Task item | Make an exact copy of the records, with the pictures left out.

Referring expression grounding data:
════
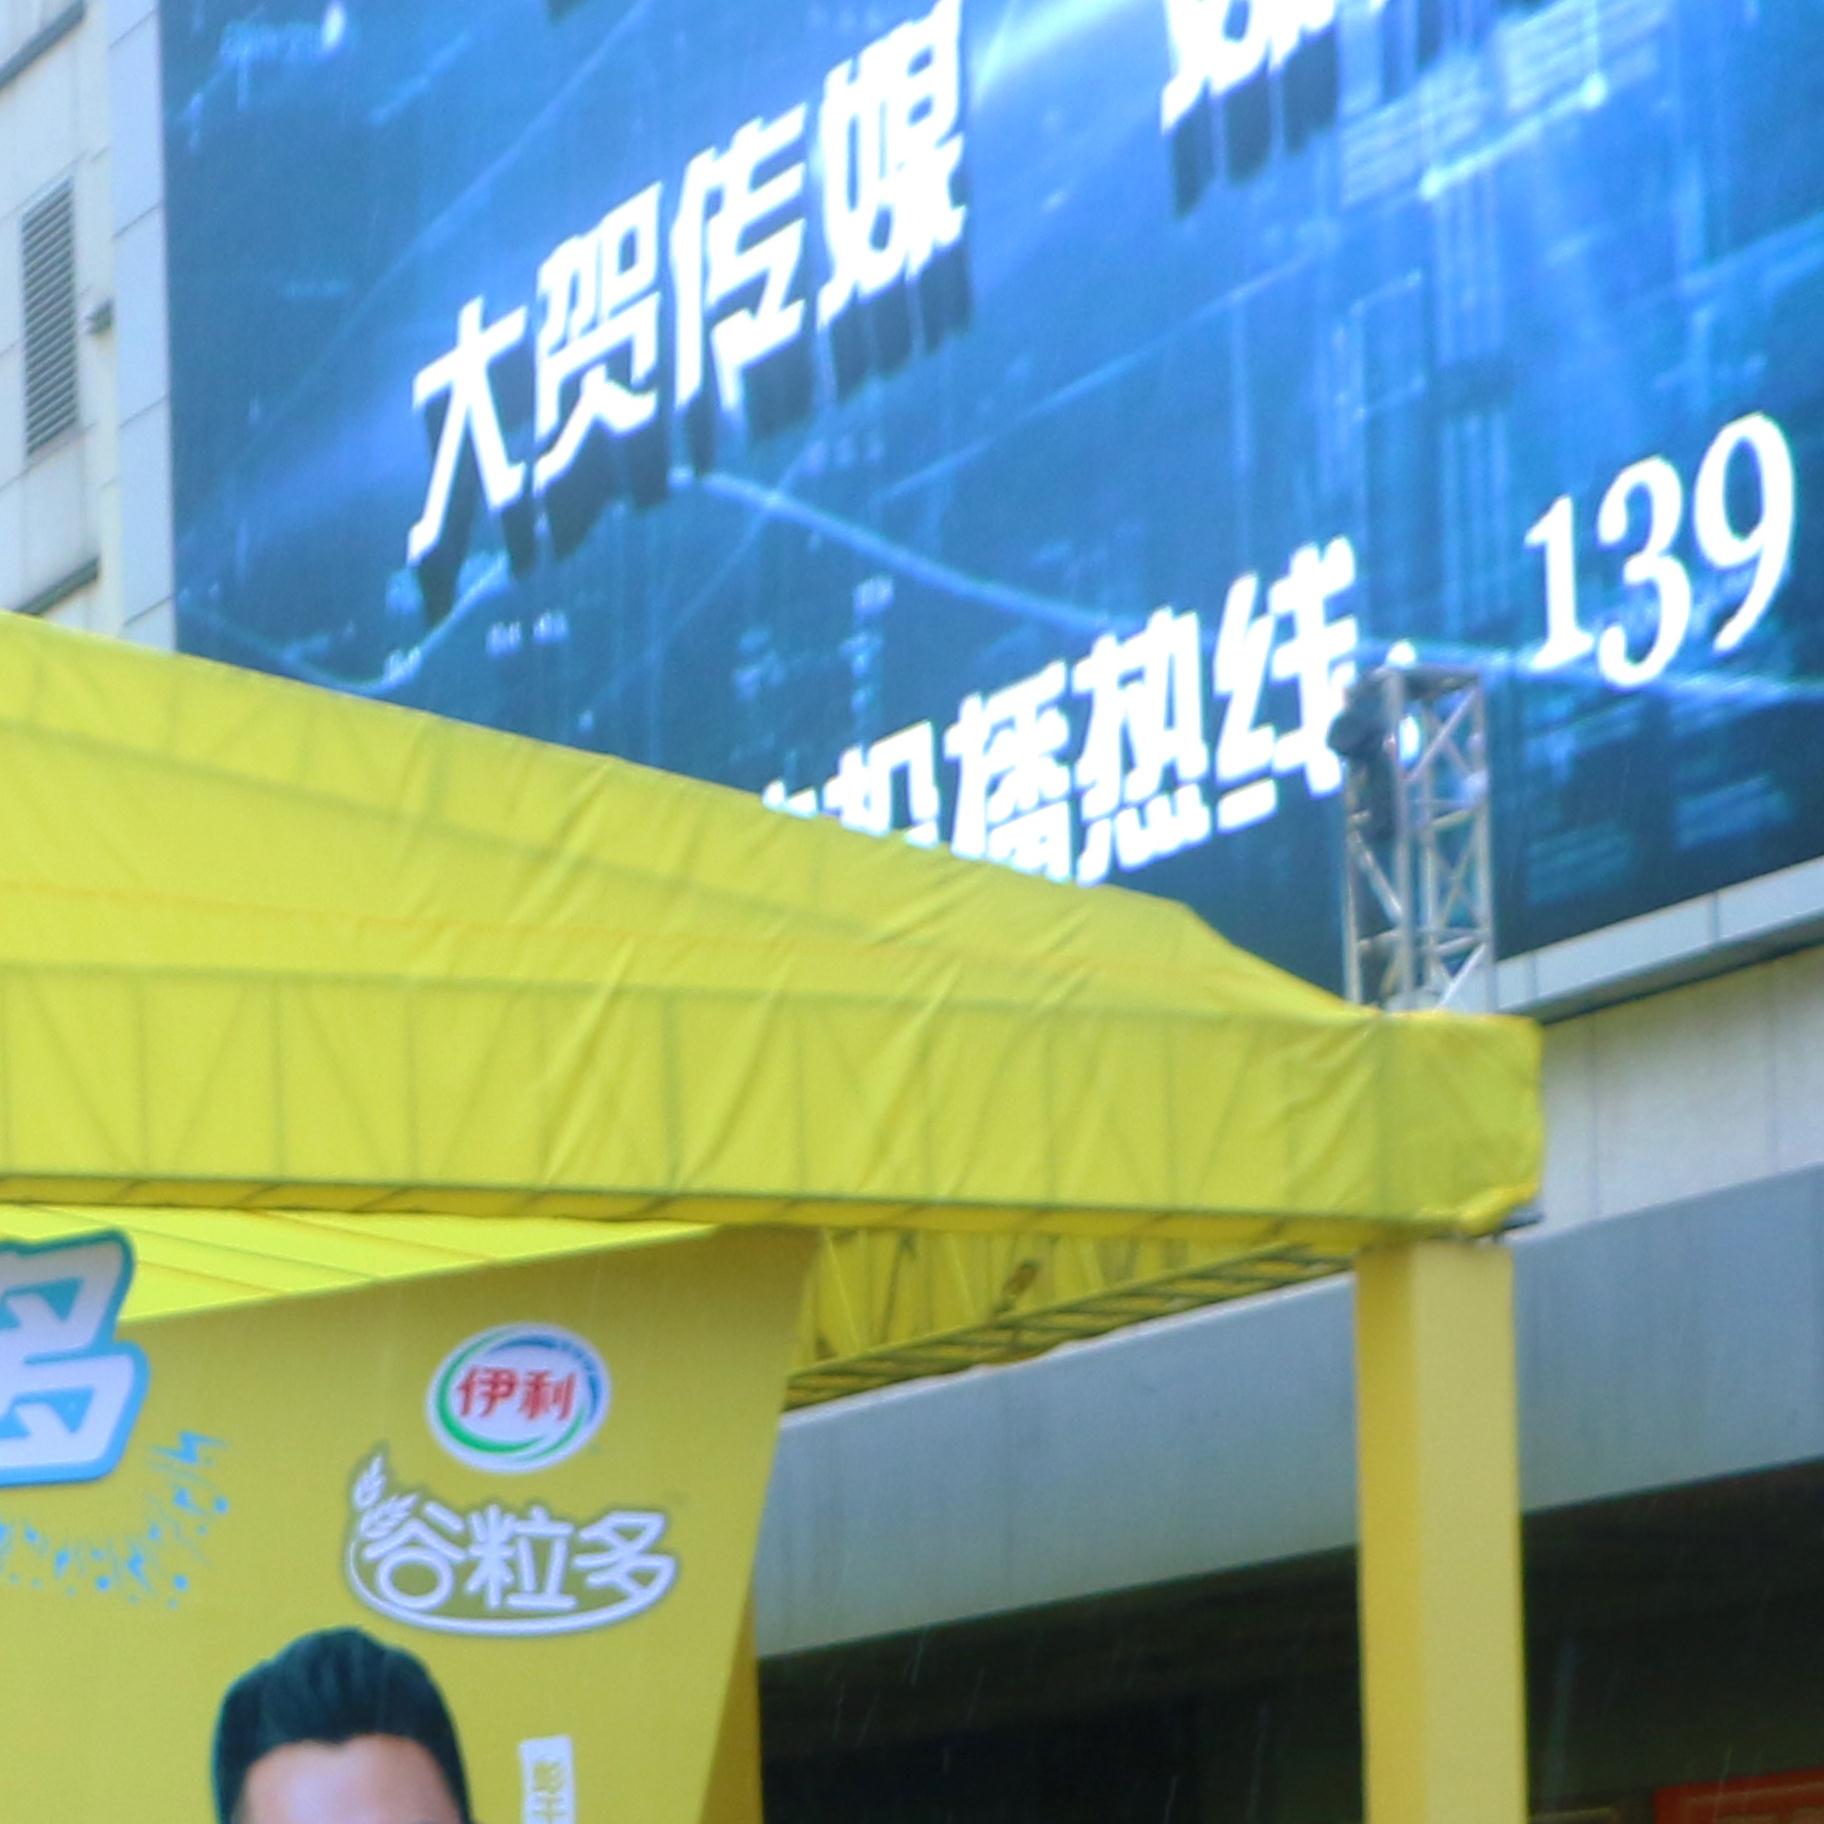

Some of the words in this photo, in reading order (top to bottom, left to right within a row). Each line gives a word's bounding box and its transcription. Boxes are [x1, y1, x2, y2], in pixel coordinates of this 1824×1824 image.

[407, 0, 966, 566] 大贺传媒
[1523, 411, 1794, 688] 139
[457, 1364, 579, 1422] 伊利
[352, 1480, 680, 1632] 谷粒多
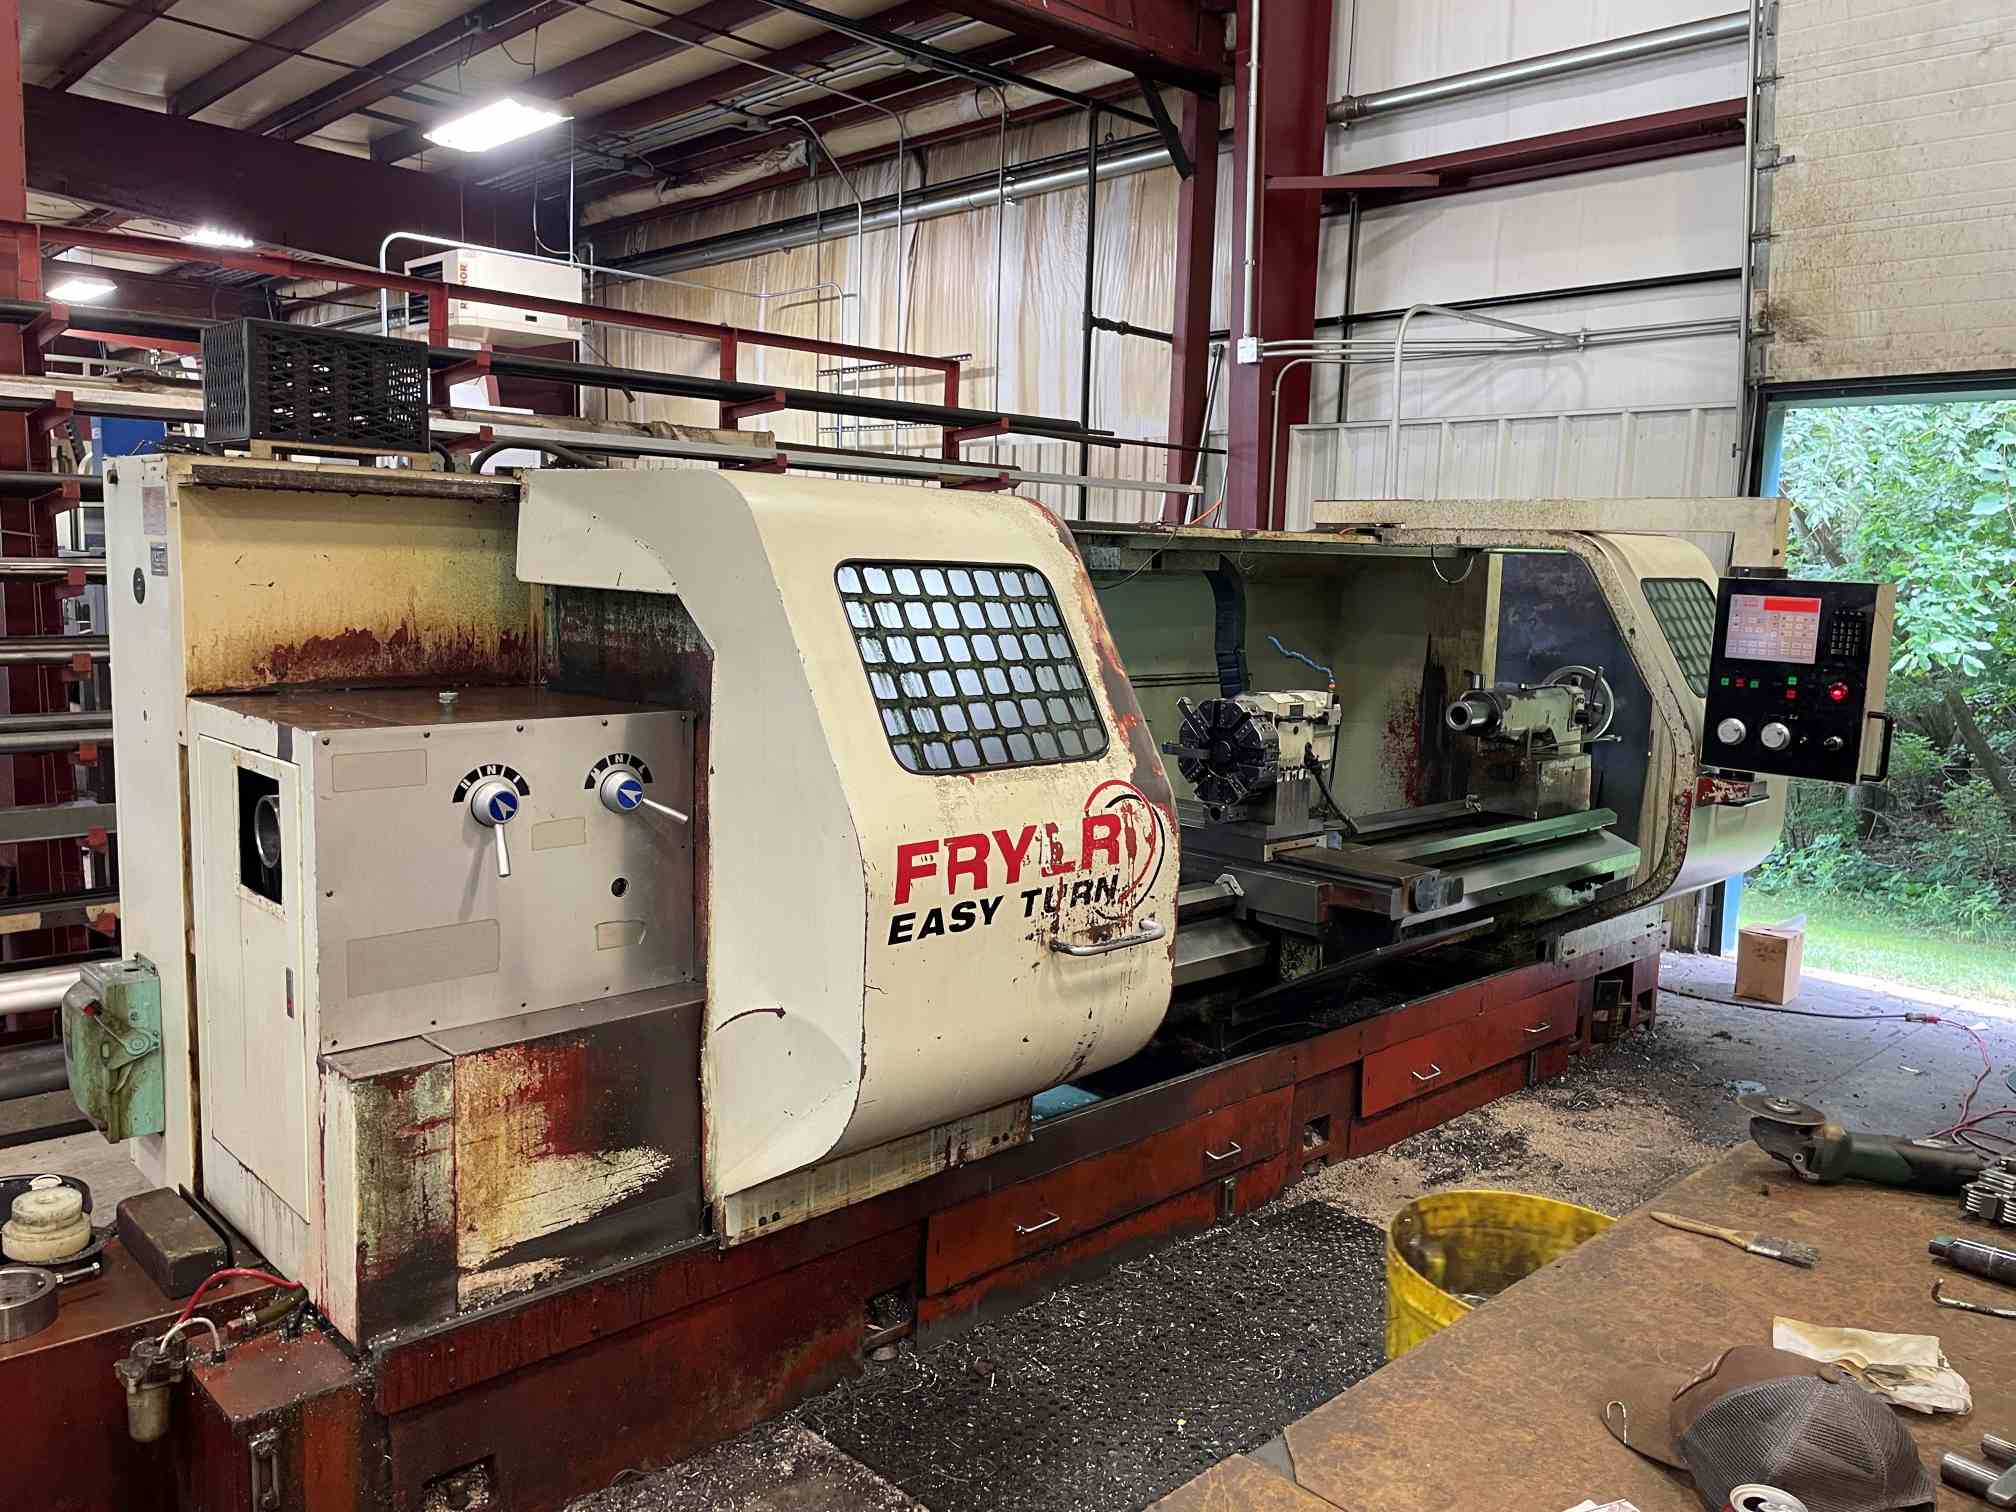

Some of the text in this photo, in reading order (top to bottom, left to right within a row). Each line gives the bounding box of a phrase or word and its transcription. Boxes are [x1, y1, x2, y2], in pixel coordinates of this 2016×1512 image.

[614, 754, 623, 763] N
[486, 765, 497, 775] N
[887, 873, 1120, 946] EASY TURN
════
Answer to the exercise |
Some of the words in this photo, in reading order (top to bottom, left to right within a row). Each line gives a word's bounding box and its transcription. Boxes are [x1, y1, x2, y2], in pixel coordinates of this 1824×1824 image.

[407, 0, 966, 566] 大贺传媒
[1523, 411, 1794, 688] 139
[457, 1364, 579, 1422] 伊利
[352, 1480, 680, 1632] 谷粒多

Some of the text in this photo, in reading order (top to bottom, left to right within a row). Each line gives the bounding box of a phrase or word and its transcription. Boxes are [x1, y1, x2, y2], in pixel coordinates of this 2016×1512 image.

[614, 754, 623, 763] N
[486, 765, 497, 775] N
[887, 873, 1120, 946] EASY TURN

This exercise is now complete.